Introduction
Speech-to-Text in Python: Build Your Own Voice Assistant with Whisper + Pyttsx3. In the age of smart assistants and voice-driven interfaces, speech recognition technology has become more accessible than ever. From virtual assistants like Alexa and Siri to custom voice bots, the ability to convert spoken language into actionable commands is revolutionizing human-computer interaction. This blog explores how to build your own voice assistant using Python by combining OpenAI’s Whisper for speech-to-text and Pyttsx3 for text-to-speech (TTS).
We’ll walk through the architecture, installation, and development of a basic assistant capable of listening to your voice, transcribing it into text, and responding audibly. The best part? You don’t need high-end GPUs or proprietary APIs—Python makes it easy to create this powerful functionality on your local machine.
Table of Contents
What You Will Learn
- How to transcribe audio with Whisper
- How to make your assistant talk using Pyttsx3
- How to integrate the components into a real-time loop
- Basic Natural Language Processing (NLP) for intent detection
Tools & Libraries Used
- Whisper by OpenAI: Automatic Speech Recognition (ASR)

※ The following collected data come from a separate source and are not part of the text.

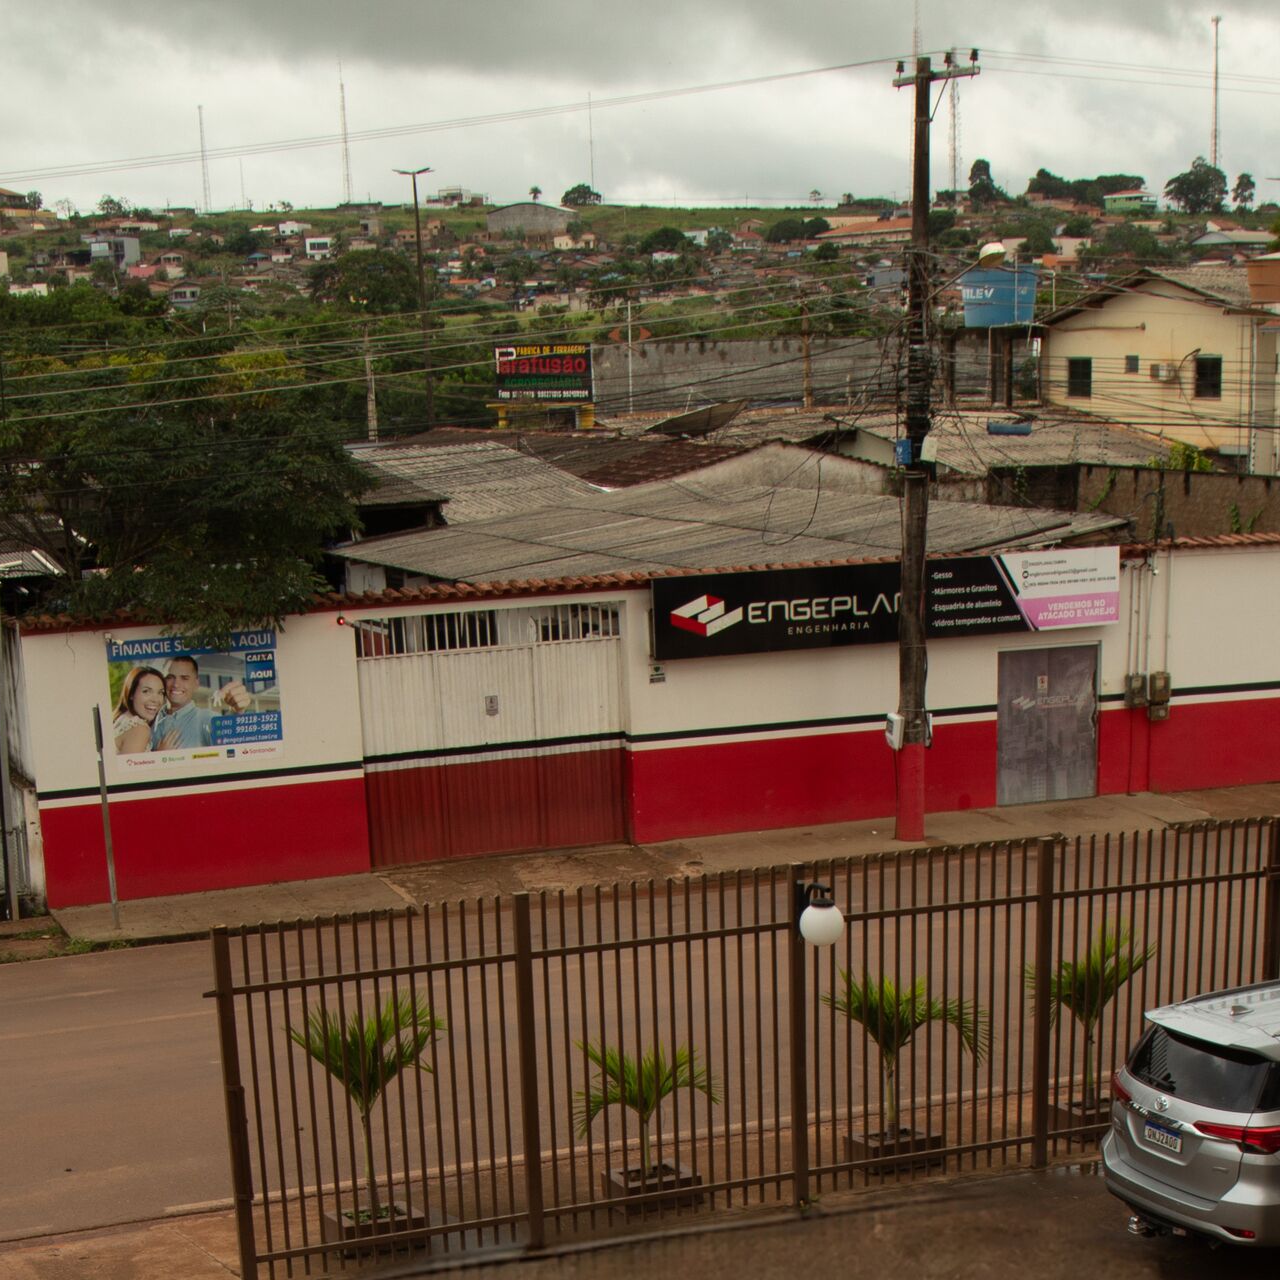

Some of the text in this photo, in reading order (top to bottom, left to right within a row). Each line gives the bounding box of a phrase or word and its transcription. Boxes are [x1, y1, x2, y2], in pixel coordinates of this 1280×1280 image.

[971, 584, 998, 593] Granitos
[1048, 599, 1106, 611] VENDEMOS NO
[956, 615, 992, 626] temperados
[997, 614, 1021, 623] comuns
[1038, 610, 1075, 621] ATACADO
[1083, 607, 1116, 617] VAREJO
[787, 621, 870, 636] ENGENHARIA
[112, 641, 171, 656] FINANCIE
[239, 633, 271, 647] AQUI
[246, 653, 272, 662] CAIXA
[249, 670, 272, 679] AQUI

- Pyttsx3: Offline TTS engine
- SpeechRecognition: For real-time microphone input
- Python 3.7+
Prerequisites
- Python installed (3.7+ recommended)
- Basic understanding of Python syntax
- Microphone and speaker/headphones
Setting Up the Environment
First, install the required libraries:
pip install openai-whisper pyttsx3 SpeechRecognition pyaudio
Note: On some systems, pyaudio
may need to be installed with additional tools. Refer to PyAudio Installation Guide for help.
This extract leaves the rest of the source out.